As master of ceremonies, Costello was a charming combination of game-show host and circus ringmaster. He invited audience members on stage to spin the wheel, then take a seat next to him with a cocktail — or dance in that cage — as he and the band performed.
In the early going, he pointed his walking stick at the crowd, announcing that the cane was equipped with a compass that "sets the true course for a thrill ride to ecstasy."
Before the first audience member took her spin, Costello jokingly warned that "these people's enjoyment of the next five minutes is entirely in your hands."
Well, not exactly.
Even with all the flashy gimmicks, Costello and the Imposters were the force behind this show. The band showed impressive range, with keyboardist Steve Nieve, bassist Davey Faragher and drummer Pete Thomas demonstrating the elasticity to shift from clanging rockers such as "Mystery Dance" to evocative, whisper-soft ballads such as "Almost Blue."
The latter surfaced in a trio of songs that the band hitched to one of the wild-card slots on the big wheel. "I Can Sing a Rainbow," an umbrella category for Costello songs that mention colors, also allowed the band to tear into "(The Angels Wanna Wear My) Red Shoes."
When the wheel landed on another wild-card, "Allen Toussaint," Costello responded with the Big Easy legend's "Nearer to You." That soulful ballad took Costello into his expressive falsetto — and to the balcony, where he snagged yet more folks to spin for the next song.
Again and again, the blind luck of the wheel yielded terrific surprises.
"So Like Candy," a Costello songwriting collaboration with Paul McCartney, melded seductive verses with an irresistibly melodic chorus. That song segued into a simmering, show-stopping interpretation of the Animals' "Don't Let Me Be Misunderstood."
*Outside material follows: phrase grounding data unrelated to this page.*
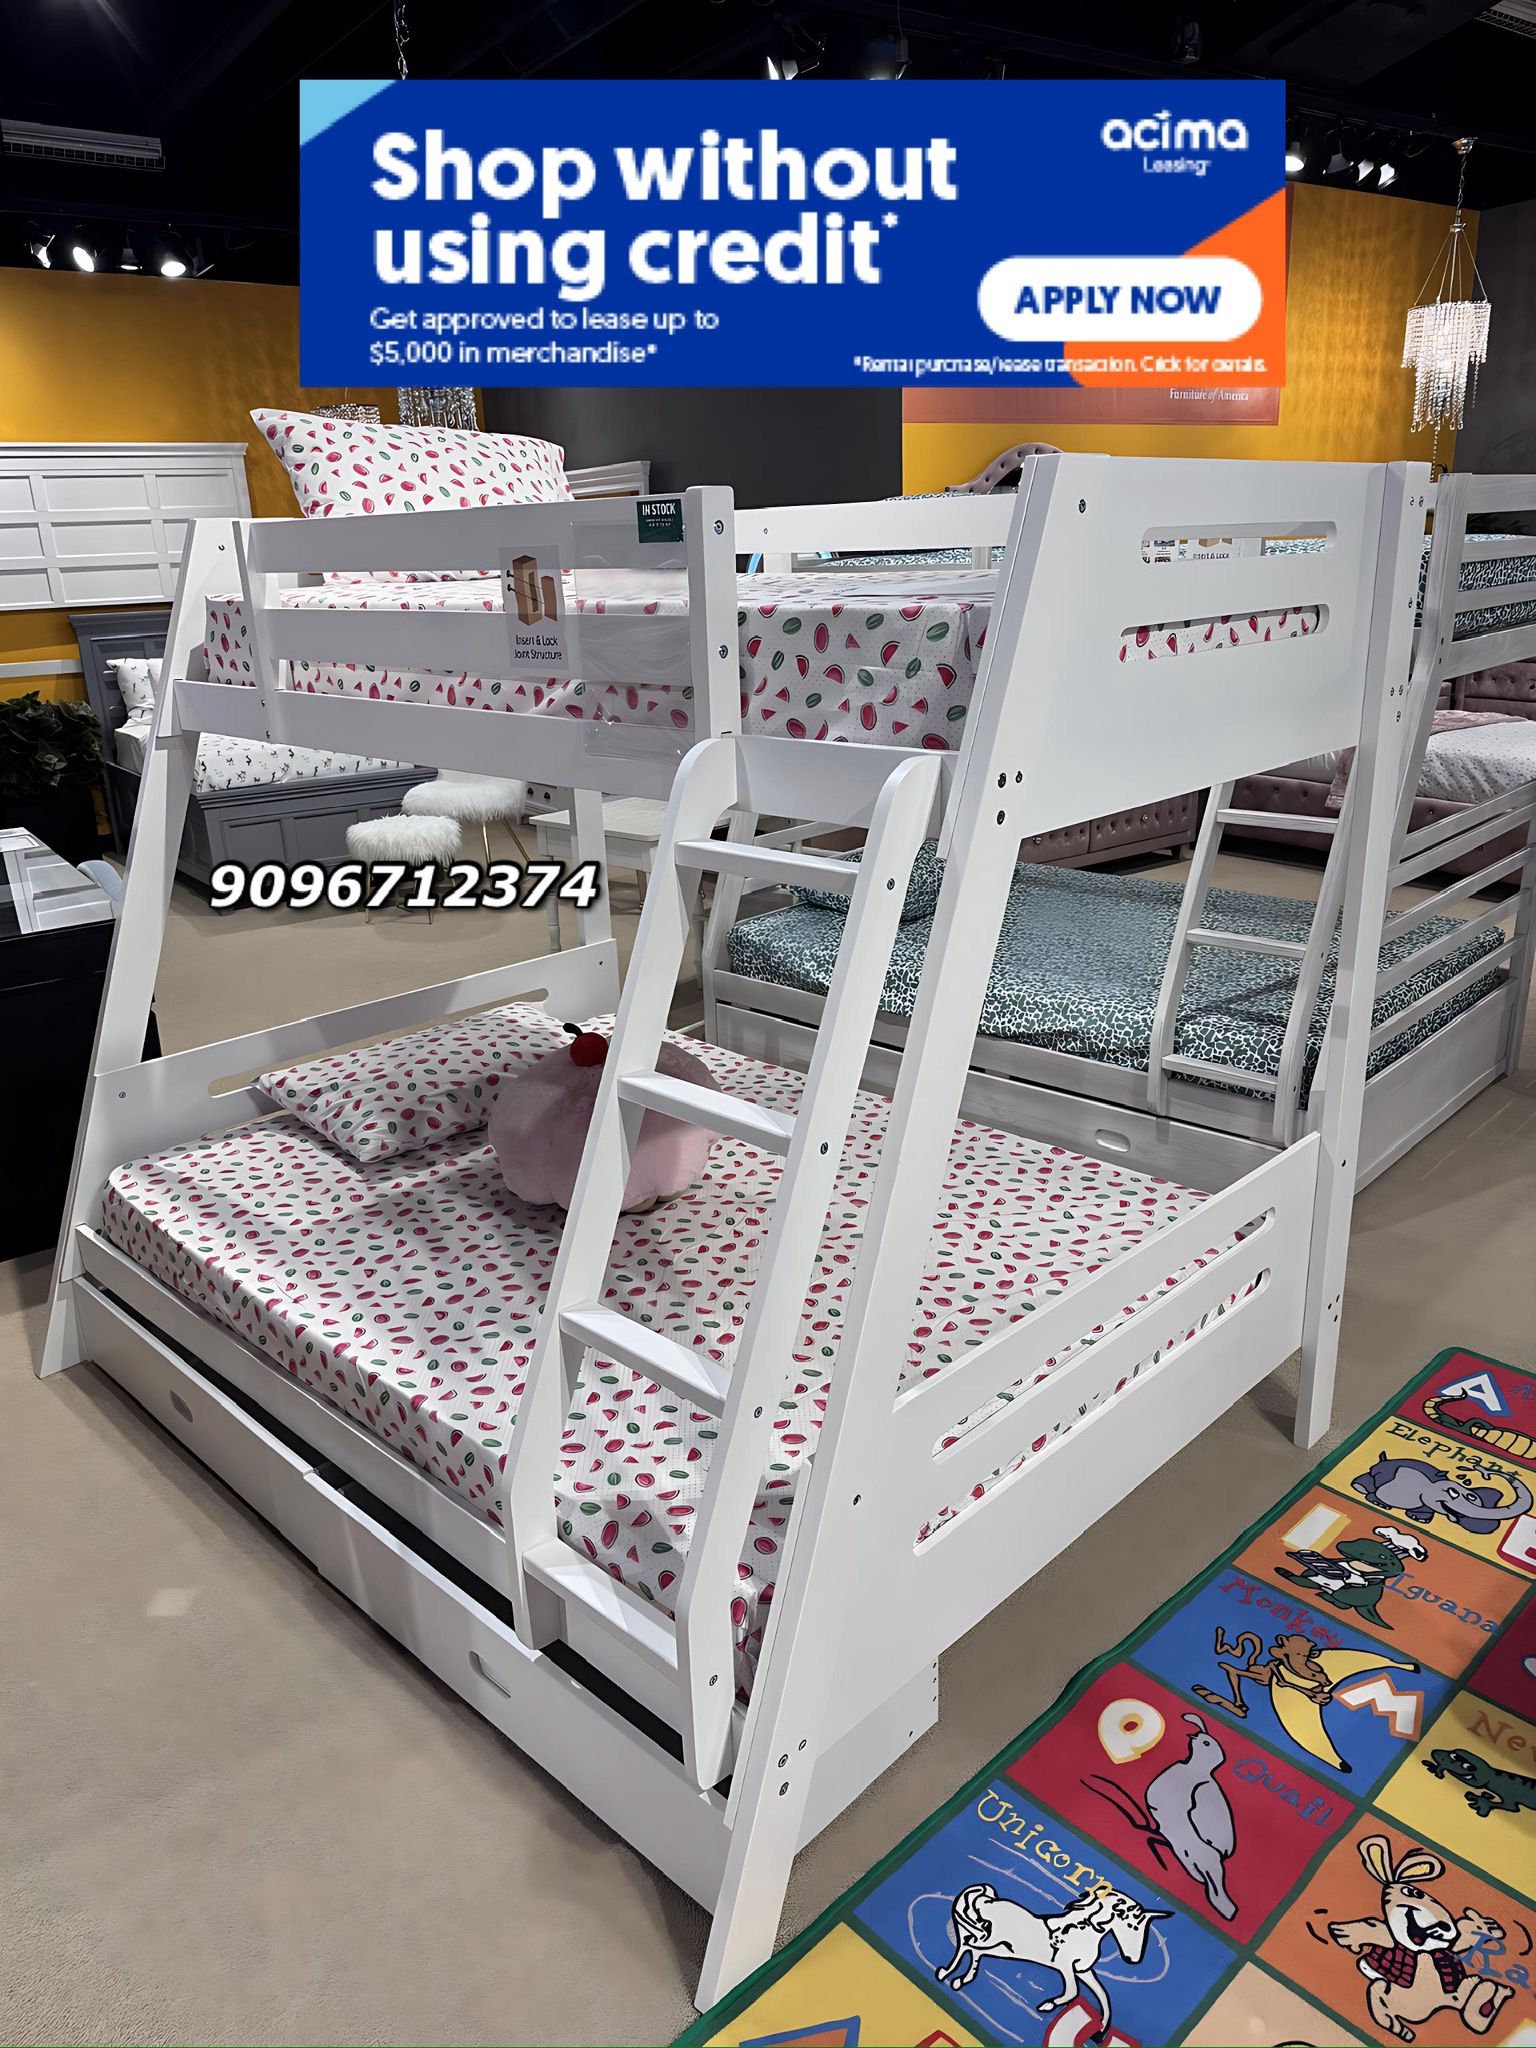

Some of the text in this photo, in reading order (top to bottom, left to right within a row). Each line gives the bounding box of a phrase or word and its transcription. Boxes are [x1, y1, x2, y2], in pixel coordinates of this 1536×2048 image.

[651, 503, 676, 515] STOCK
[1384, 1421, 1522, 1484] Elephant
[1219, 1574, 1343, 1648] Monkey
[1382, 1570, 1499, 1633] Iguana
[1233, 1755, 1335, 1828] Quail
[976, 1788, 1113, 1901] Unicorn
[1455, 1930, 1536, 1999] Ra
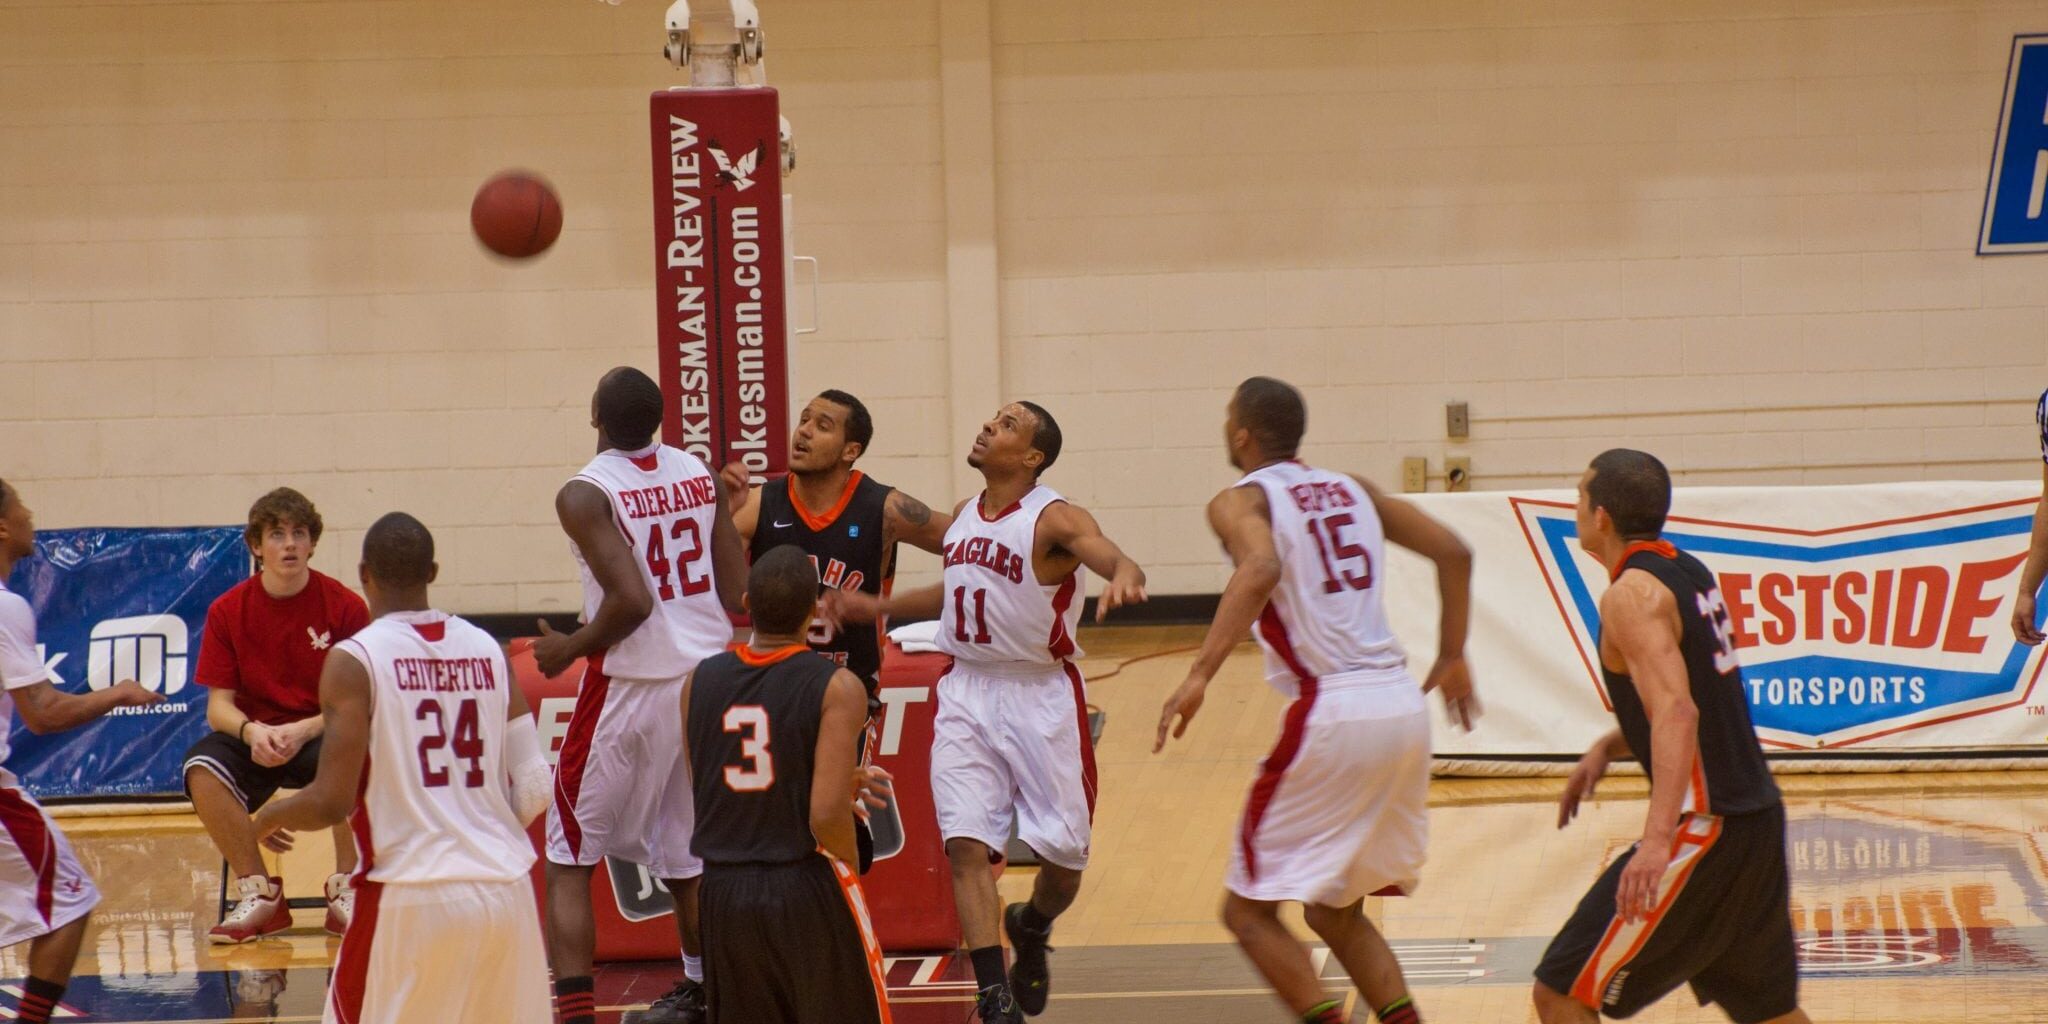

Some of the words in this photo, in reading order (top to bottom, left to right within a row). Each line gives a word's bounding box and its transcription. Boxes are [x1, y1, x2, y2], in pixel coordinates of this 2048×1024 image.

[618, 475, 717, 519] EDERAINE
[646, 517, 711, 602] 42
[1308, 512, 1372, 594] 15
[953, 585, 992, 644] 11
[393, 658, 496, 692] CHIVERTON
[416, 699, 484, 788] 24
[724, 705, 774, 791] 3
Costello inevitably found his way to favorites such as "Watching the Detectives" and "Alison," although he had to offer a cheating nudge to the wheel when it landed one slot away from the latter. He also embraced his inner-troubadour in a hushed trio of acoustic songs that preceded the band's rocking finale.
"You better help me," he told the crowd at one point. "I can't do it myself!"
It's a deal. Costello and his spinning wheel are a winning combination.